### Material supplied ###

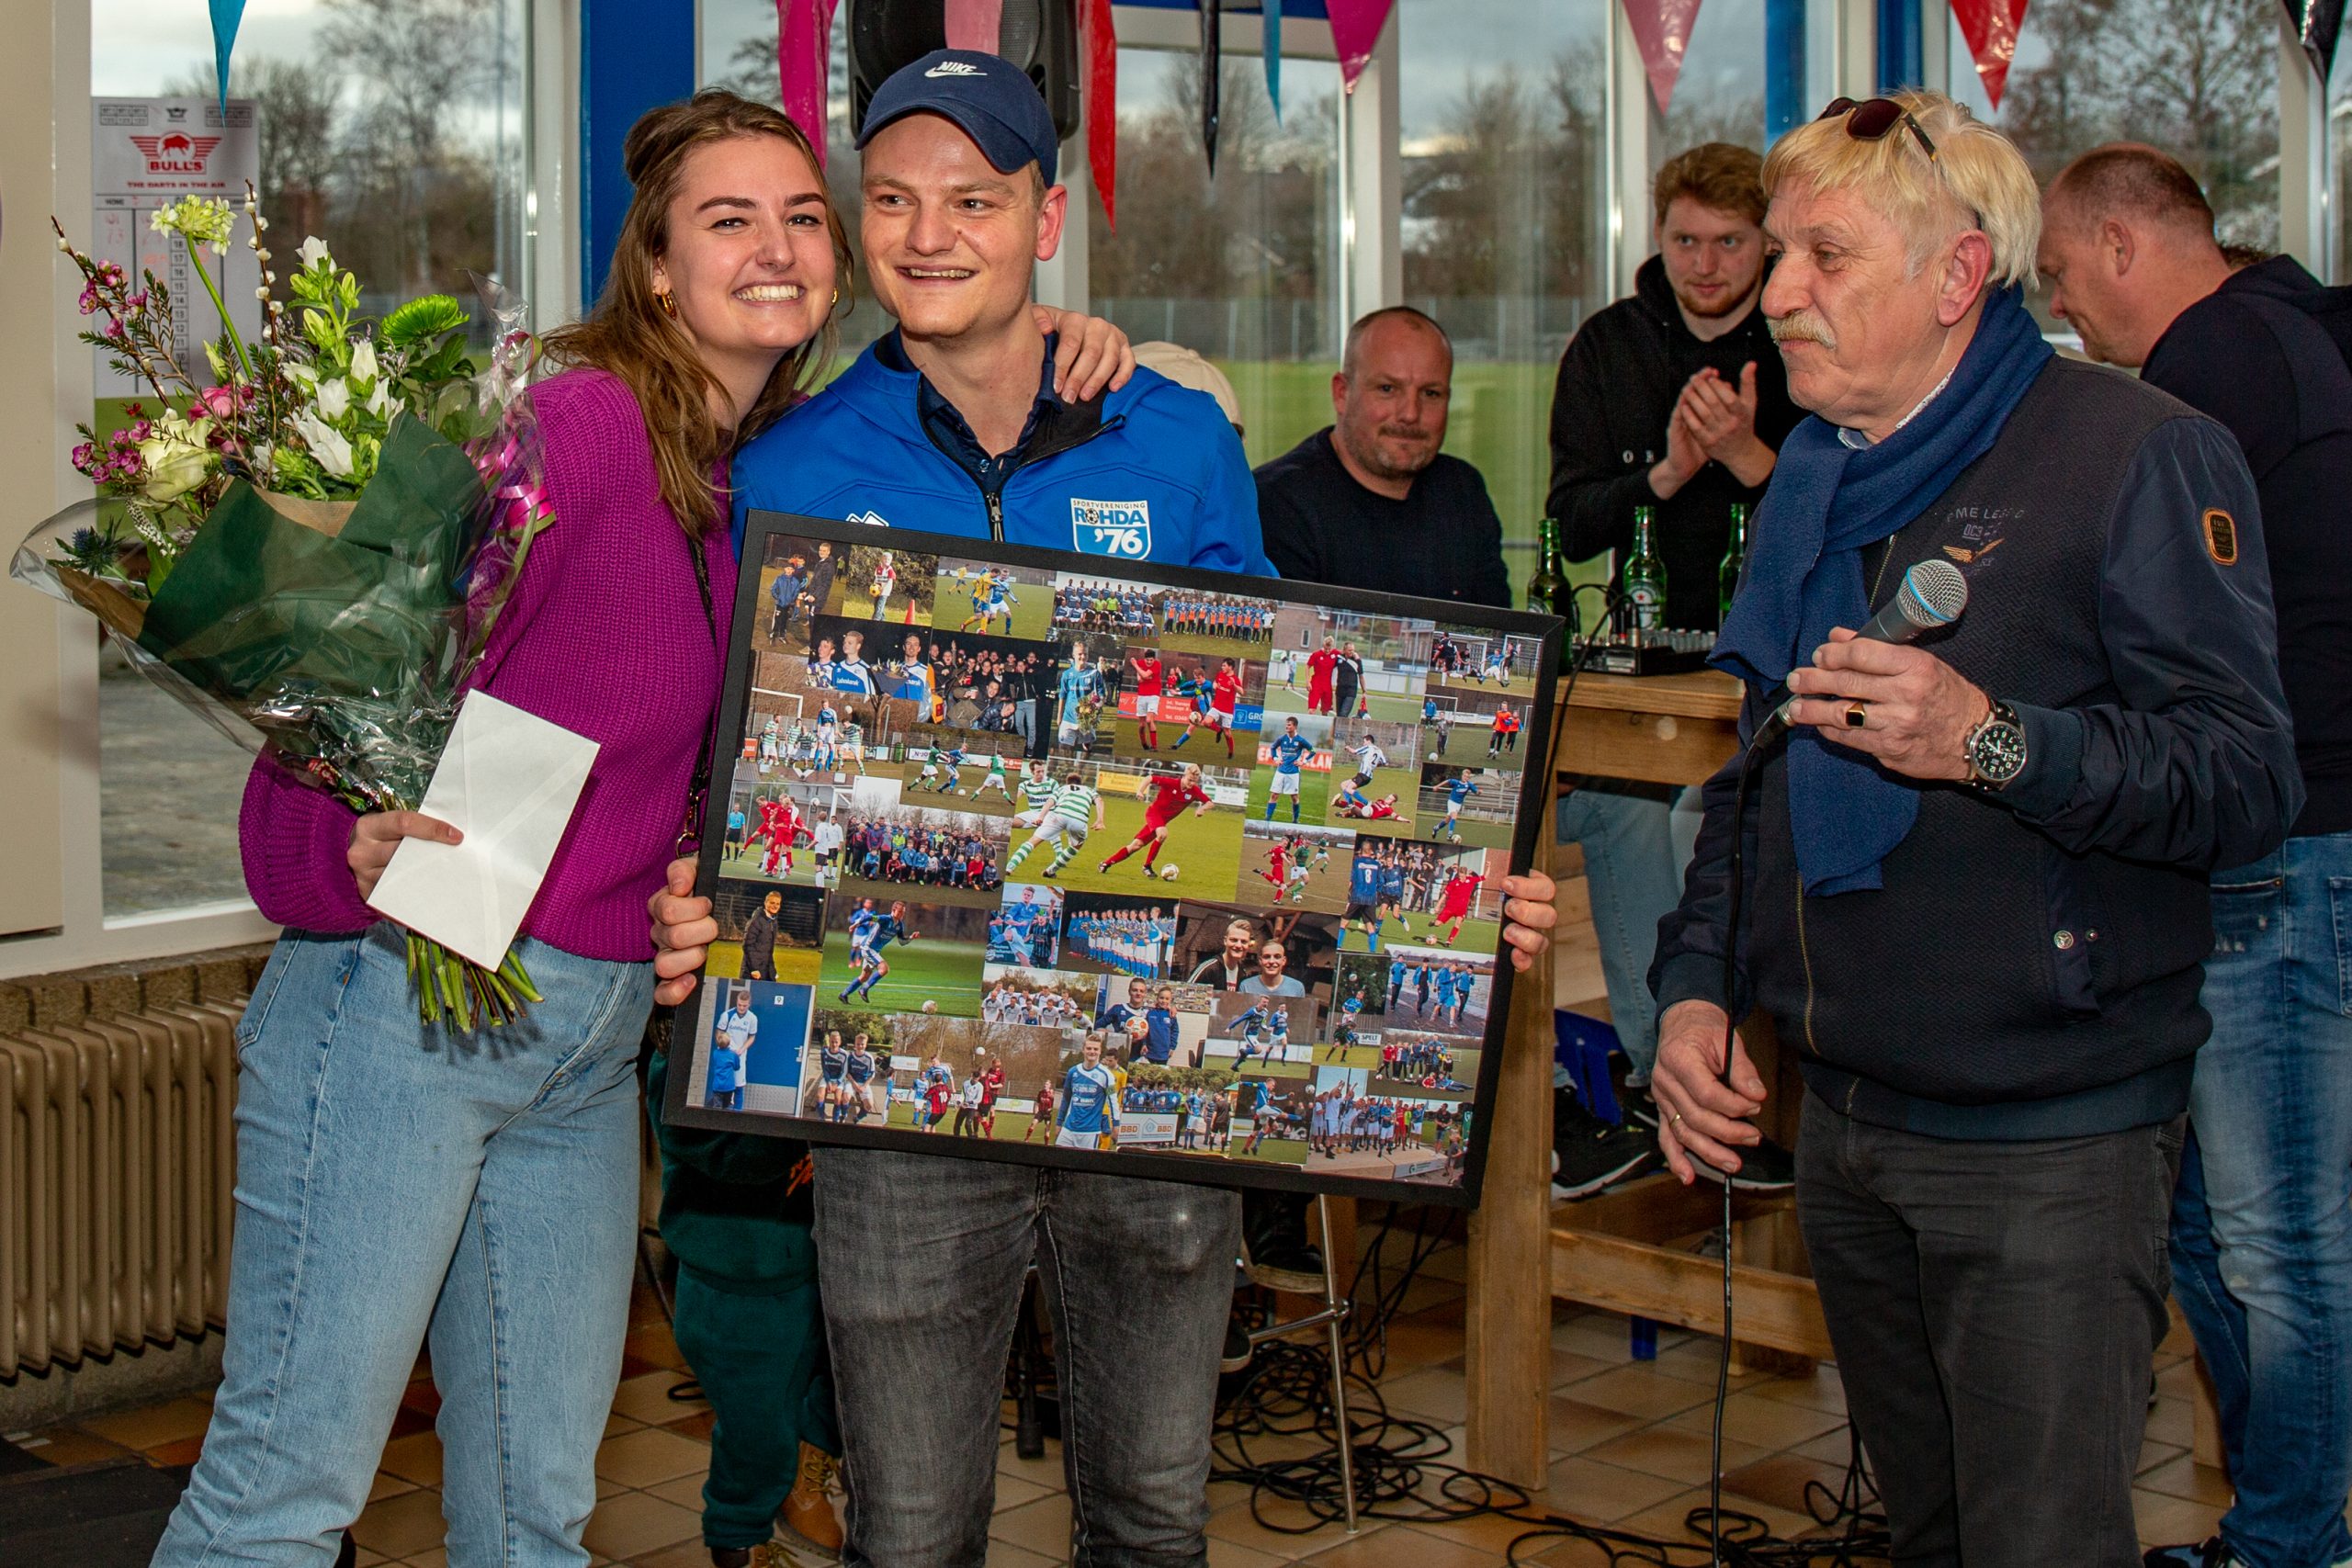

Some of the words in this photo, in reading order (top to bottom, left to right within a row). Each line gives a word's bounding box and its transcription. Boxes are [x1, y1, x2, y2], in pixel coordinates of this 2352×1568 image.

###
### Material supplied ###

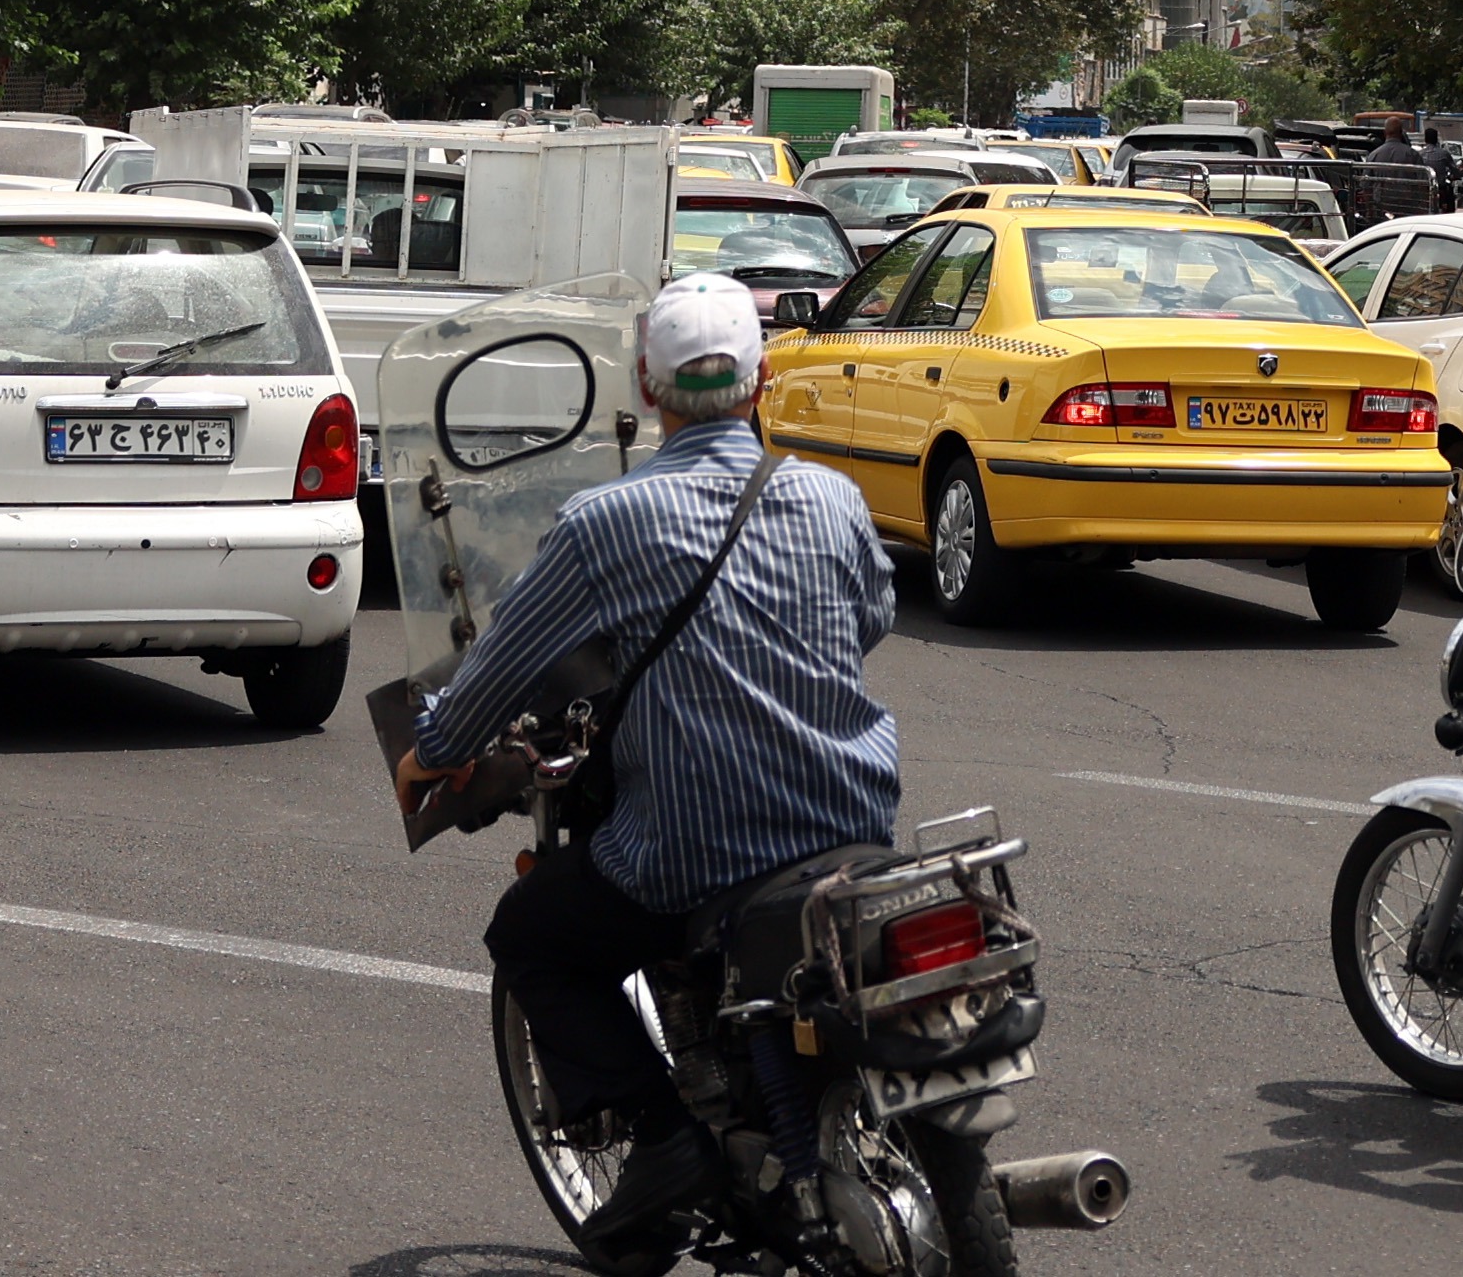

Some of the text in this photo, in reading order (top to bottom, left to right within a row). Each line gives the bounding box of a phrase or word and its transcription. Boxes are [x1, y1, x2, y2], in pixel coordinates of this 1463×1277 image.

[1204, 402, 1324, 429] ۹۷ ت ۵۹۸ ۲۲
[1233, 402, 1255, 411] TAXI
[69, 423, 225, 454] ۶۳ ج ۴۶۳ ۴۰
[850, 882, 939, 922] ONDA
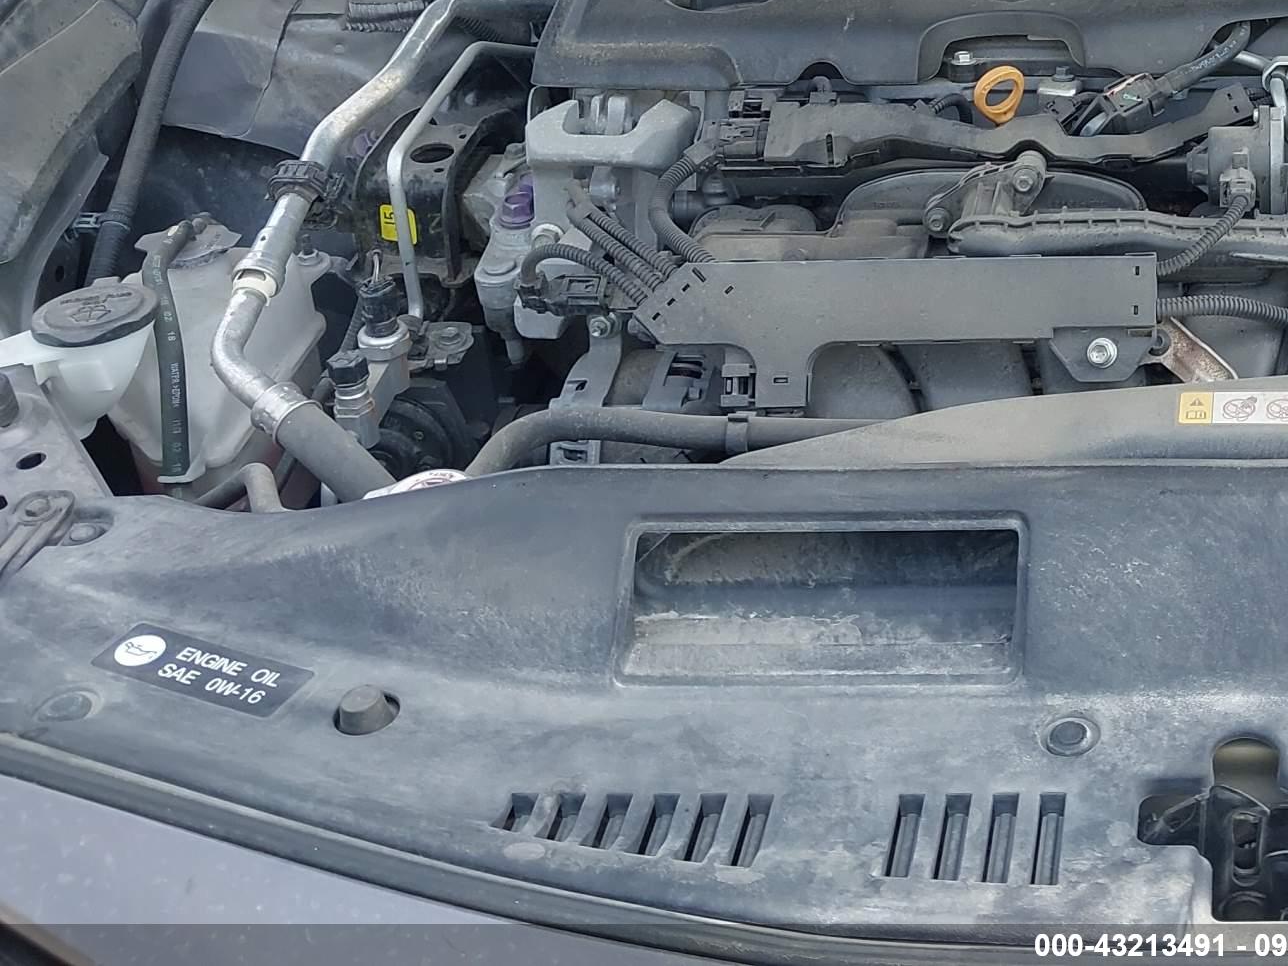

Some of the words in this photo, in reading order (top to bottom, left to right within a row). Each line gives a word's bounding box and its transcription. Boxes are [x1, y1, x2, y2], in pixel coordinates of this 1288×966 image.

###

● **Task goal**: Repeat exactly the stretch of the listing above that starts with the line holding "Some of the text" and finishes with the line holding "this 1288×966 image.", both included. Skip every picture.

● **Task result**:
Some of the text in this photo, in reading order (top to bottom, left to right within a row). Each line gives the bounding box of a phrase or word and its transcription. Boxes are [x1, y1, x2, y2], in pixel coordinates of this 1463×1277 image.

[1204, 402, 1324, 429] ۹۷ ت ۵۹۸ ۲۲
[1233, 402, 1255, 411] TAXI
[69, 423, 225, 454] ۶۳ ج ۴۶۳ ۴۰
[850, 882, 939, 922] ONDA

Some of the words in this photo, in reading order (top to bottom, left to right within a row). Each line gives a word's bounding box and its transcription. Boxes are [x1, y1, x2, y2], in pixel coordinates of this 1288×966 image.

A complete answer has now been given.